## Exercise goal
Retype each of the records below exactly, leaving the pictures out.

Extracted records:
*** Begin section ***

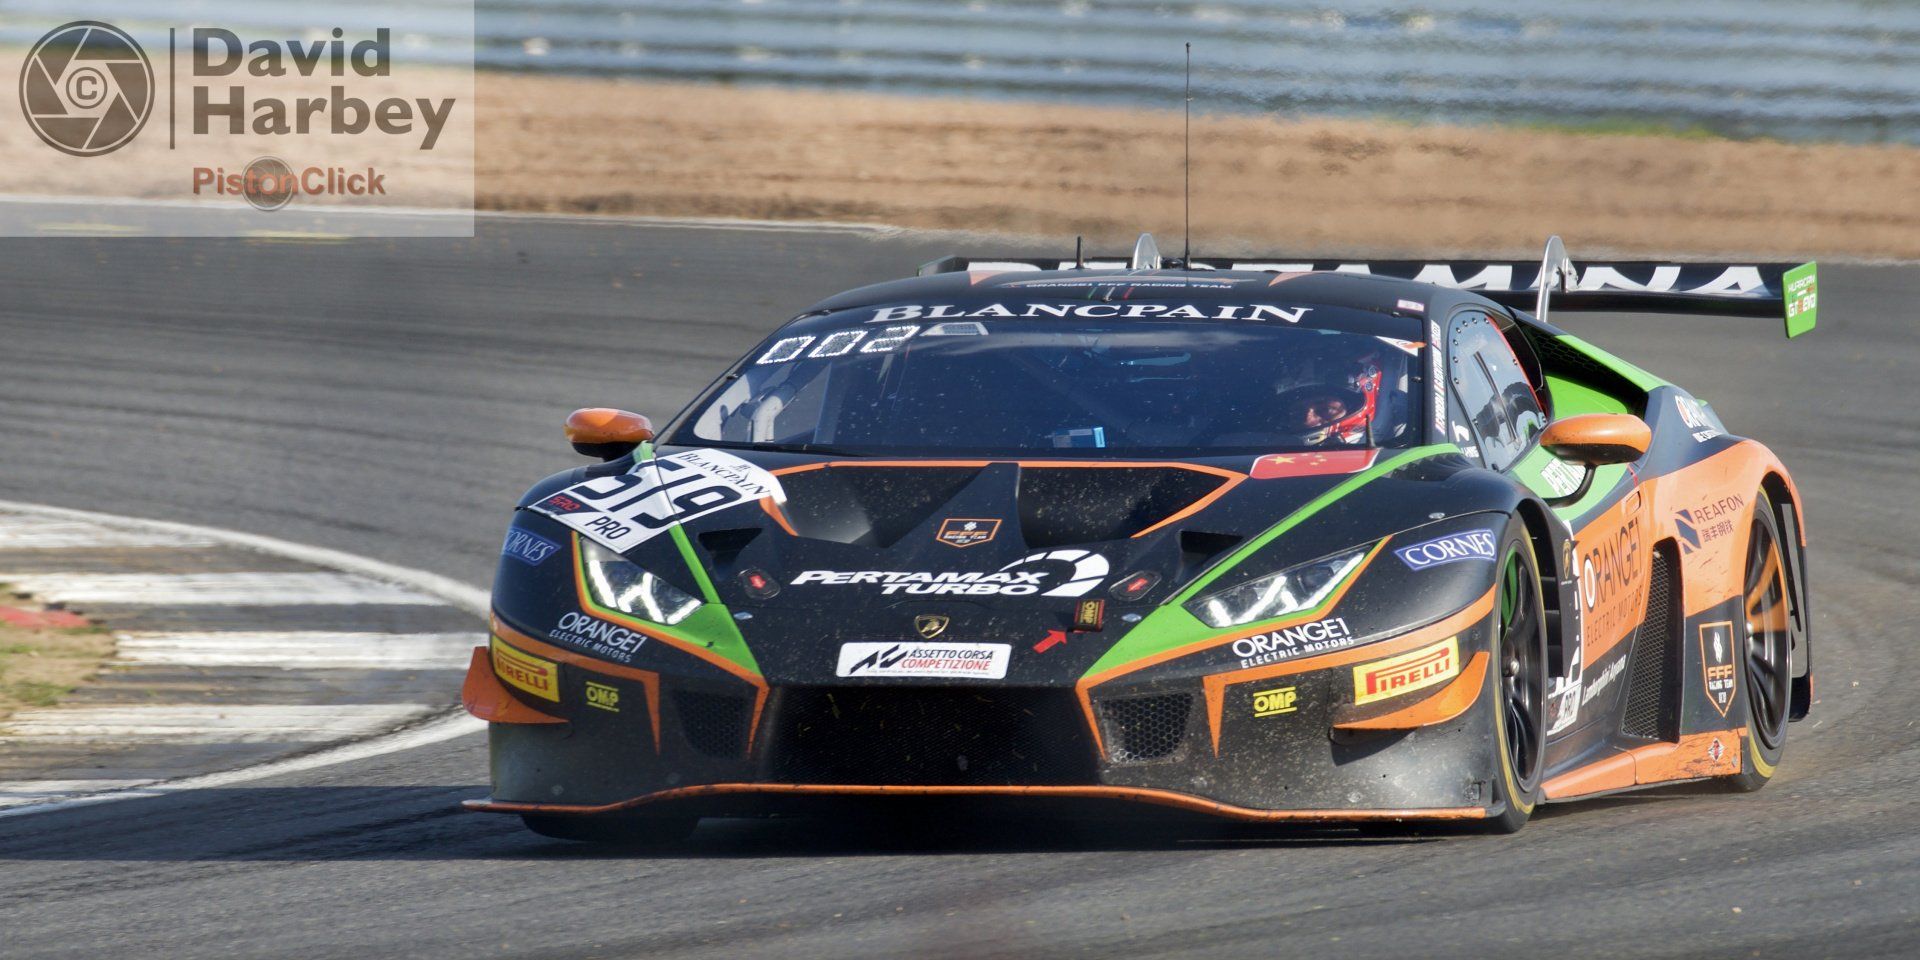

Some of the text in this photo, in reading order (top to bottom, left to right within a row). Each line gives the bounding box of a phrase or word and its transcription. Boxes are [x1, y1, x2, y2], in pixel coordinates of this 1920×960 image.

[864, 303, 1314, 324] BLANCPAIN
[676, 452, 773, 496] BLANCPAIN
[570, 458, 743, 530] 519
[1693, 494, 1745, 524] REAFON
[585, 515, 632, 541] PRO
[1405, 533, 1495, 566] CORNES
[790, 570, 1050, 586] PERTAMAX
[881, 583, 1040, 596] TURBO
[549, 629, 632, 663] ELECTRIC MOTORS
[557, 611, 648, 654] ORANGE1
[1232, 617, 1350, 658] ORANGE1
[901, 658, 991, 671] COMPETIZIONE
[910, 649, 995, 660] ASSETTO CORSA
[1240, 635, 1354, 669] ELECTRIC MOTORS
[495, 648, 549, 691] PIRELLI
[1366, 647, 1450, 695] PIRELLI
[1708, 664, 1733, 680] FFF
[586, 686, 619, 707] OMP
[1253, 691, 1297, 712] OMP

*** End section ***

## Result of this task
Some of the text in this photo, in reading order (top to bottom, left to right within a row). Each line gives the bounding box of a phrase or word and its transcription. Boxes are [x1, y1, x2, y2], in pixel coordinates of this 1920×960 image.

[864, 303, 1314, 324] BLANCPAIN
[676, 452, 773, 496] BLANCPAIN
[570, 458, 743, 530] 519
[1693, 494, 1745, 524] REAFON
[585, 515, 632, 541] PRO
[1405, 533, 1495, 566] CORNES
[790, 570, 1050, 586] PERTAMAX
[881, 583, 1040, 596] TURBO
[549, 629, 632, 663] ELECTRIC MOTORS
[557, 611, 648, 654] ORANGE1
[1232, 617, 1350, 658] ORANGE1
[901, 658, 991, 671] COMPETIZIONE
[910, 649, 995, 660] ASSETTO CORSA
[1240, 635, 1354, 669] ELECTRIC MOTORS
[495, 648, 549, 691] PIRELLI
[1366, 647, 1450, 695] PIRELLI
[1708, 664, 1733, 680] FFF
[586, 686, 619, 707] OMP
[1253, 691, 1297, 712] OMP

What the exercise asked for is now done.